Let's Do Lunch
by TheFriendlyBookworm
Summary: A random series of oneshots that take place with our favorite three in Officer's Mess. Warning for overdose of fluff.  Non-slash.
1. Preferences

Kirk pushed away his empty tray and took a long sip from his coffee, ending with a gratified little sigh. Leaning forward on his elbows, he eyed his CMO sitting opposite. "So, Bones, what was your favorite subject in school?"

McCoy glanced up at him, in the process of sawing off a bite of synthetic t-bone. "You mean the Academy?"

"Well, no...I was thinking more school-school. You know, young and impetuous?"

"Hmph," through a full mouth. "Well, I liked anatomy in elementary, you know. I wanted to be a doctor since I visited my great-uncle's clinic when I was three. In highschool, I couldn't wait for the dissections; always liked'em."

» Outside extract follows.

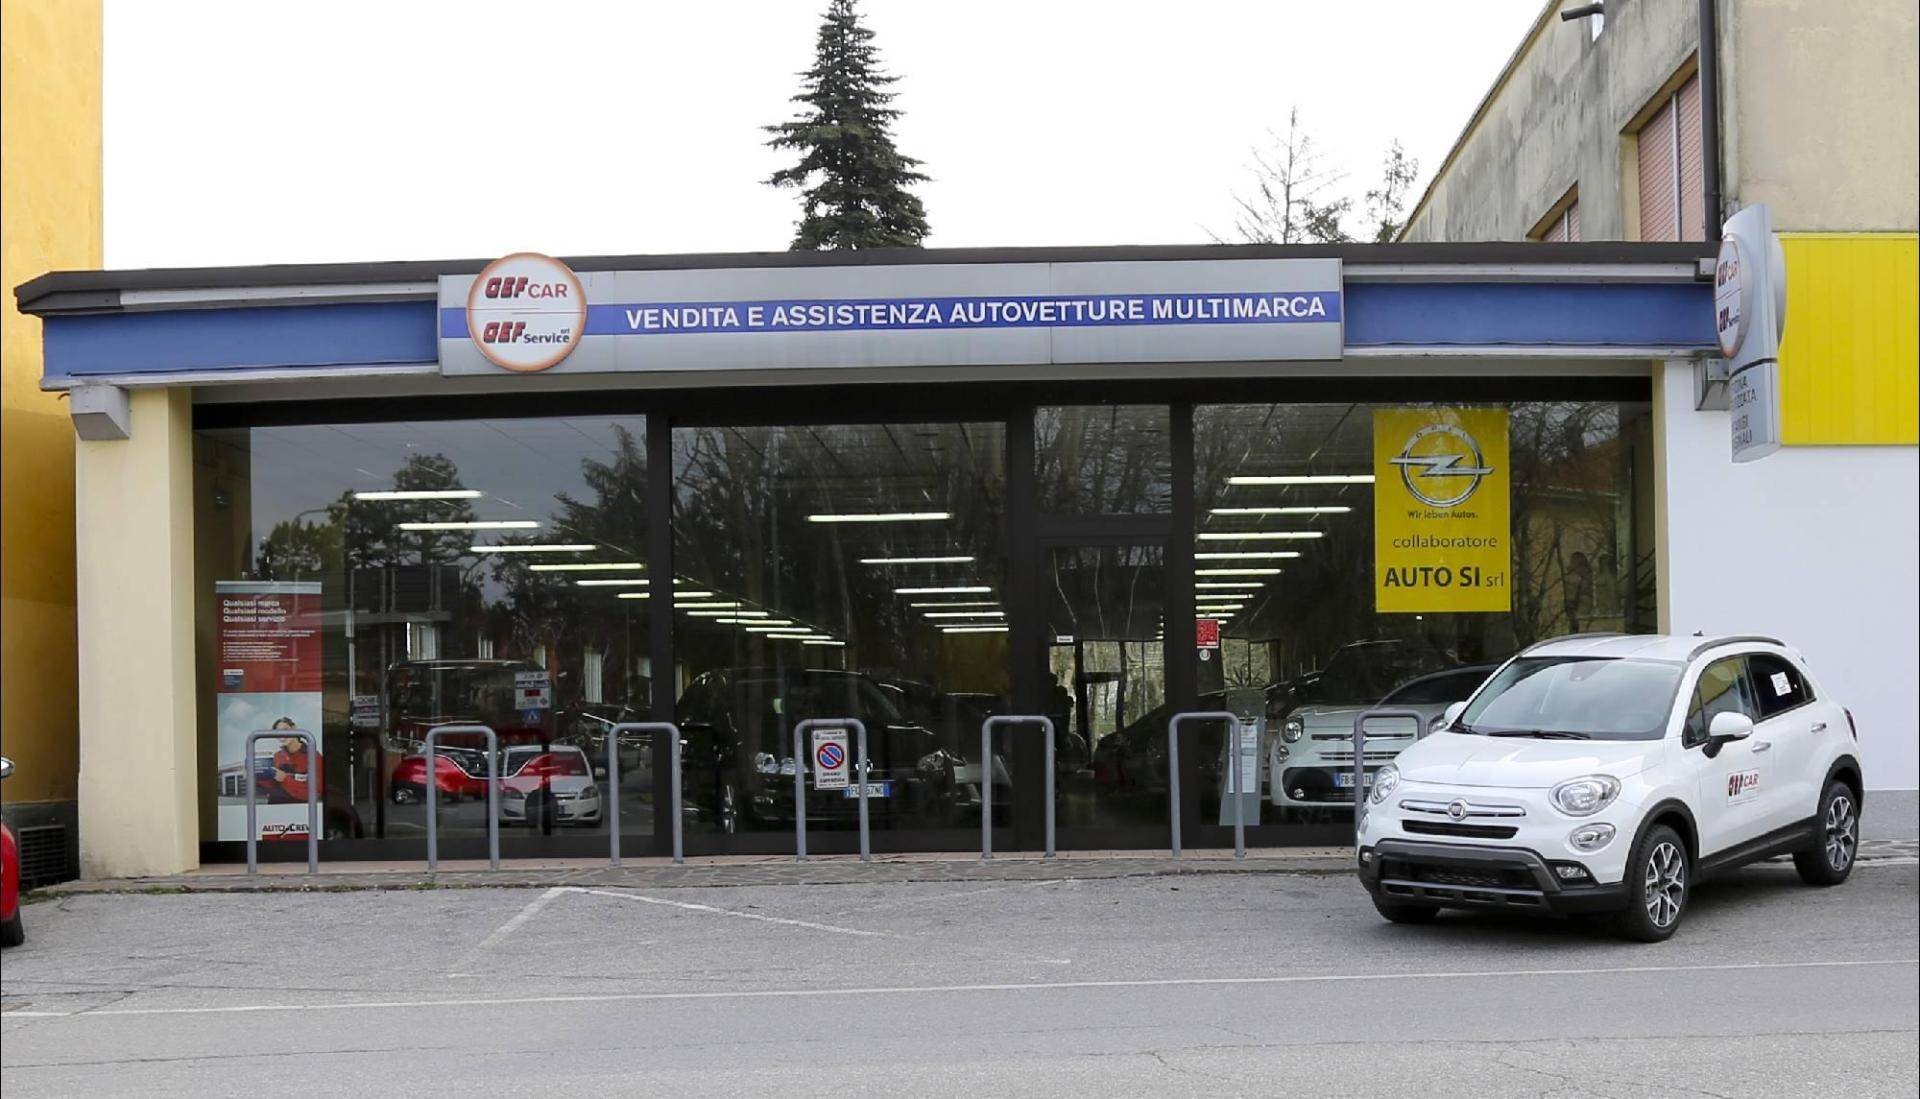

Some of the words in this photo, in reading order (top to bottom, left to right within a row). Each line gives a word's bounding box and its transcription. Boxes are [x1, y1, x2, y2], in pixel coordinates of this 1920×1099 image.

"Much the same way, I presume, you enjoy performing surgery on the crew," intoned a familiar baritone from behind McCoy.

The doctor jumped, sending a glob of mashed potatoes sailing into Kirk's coffee with a mushy splat. "Spock, quite sneaking up on people like that! One of these days you'll give me a nervous breakdown, I swear," he finished, shoving another forkful of steak into his mouth. Smirking up at the Vulcan, he added wickedly, "And next time you need surgery for whatever dumb stunt you tried to pull to save the universe, I'll just _dissect_ you instead. Always wondered where that missing heart really was."

Kirk chuckled and proceeded to fish the potato out of his coffee. "Sit down, Spock. We were just discussing school. What were your favorite subjects?"

Spock sat, bearing a tray with a bowl of gray-green glop that Kirk assumed was _plomeek_ soup. "Vulcans do not have pref-"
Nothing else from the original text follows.